#### Exercise prompt:
Every record must come back unchanged, apart from the pictures, which are dropped.

#### Records for this task:
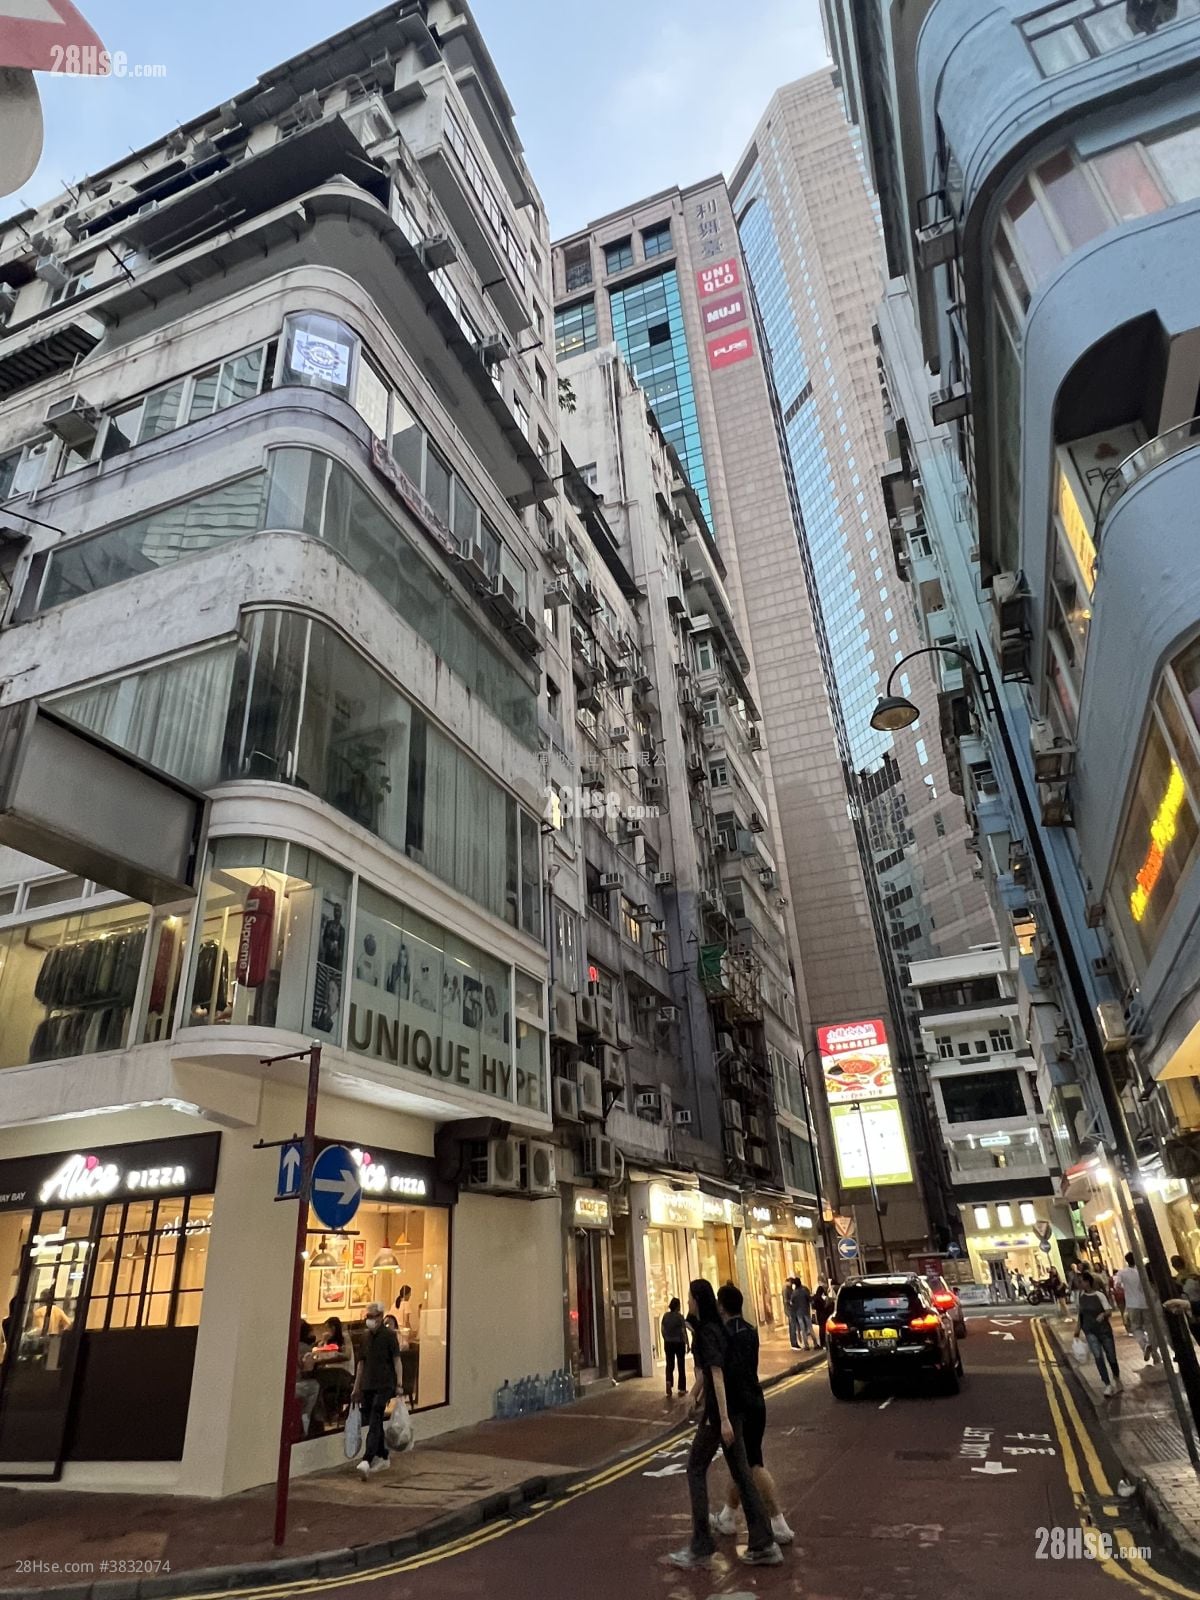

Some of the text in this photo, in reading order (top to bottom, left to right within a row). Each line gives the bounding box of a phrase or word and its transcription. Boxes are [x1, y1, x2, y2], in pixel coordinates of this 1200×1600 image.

[702, 263, 730, 282] UNI
[704, 273, 734, 292] QLO
[707, 301, 741, 323] MUJI
[238, 915, 256, 971] Supreme
[348, 1002, 538, 1109] UNIQUE HYPE
[39, 1154, 186, 1203] Alice PIZZA
[390, 1175, 426, 1195] PIZZA
[11, 1191, 26, 1201] BAY

#### Solution:
Some of the text in this photo, in reading order (top to bottom, left to right within a row). Each line gives the bounding box of a phrase or word and its transcription. Boxes are [x1, y1, x2, y2], in pixel coordinates of this 1200×1600 image.

[702, 263, 730, 282] UNI
[704, 273, 734, 292] QLO
[707, 301, 741, 323] MUJI
[238, 915, 256, 971] Supreme
[348, 1002, 538, 1109] UNIQUE HYPE
[39, 1154, 186, 1203] Alice PIZZA
[390, 1175, 426, 1195] PIZZA
[11, 1191, 26, 1201] BAY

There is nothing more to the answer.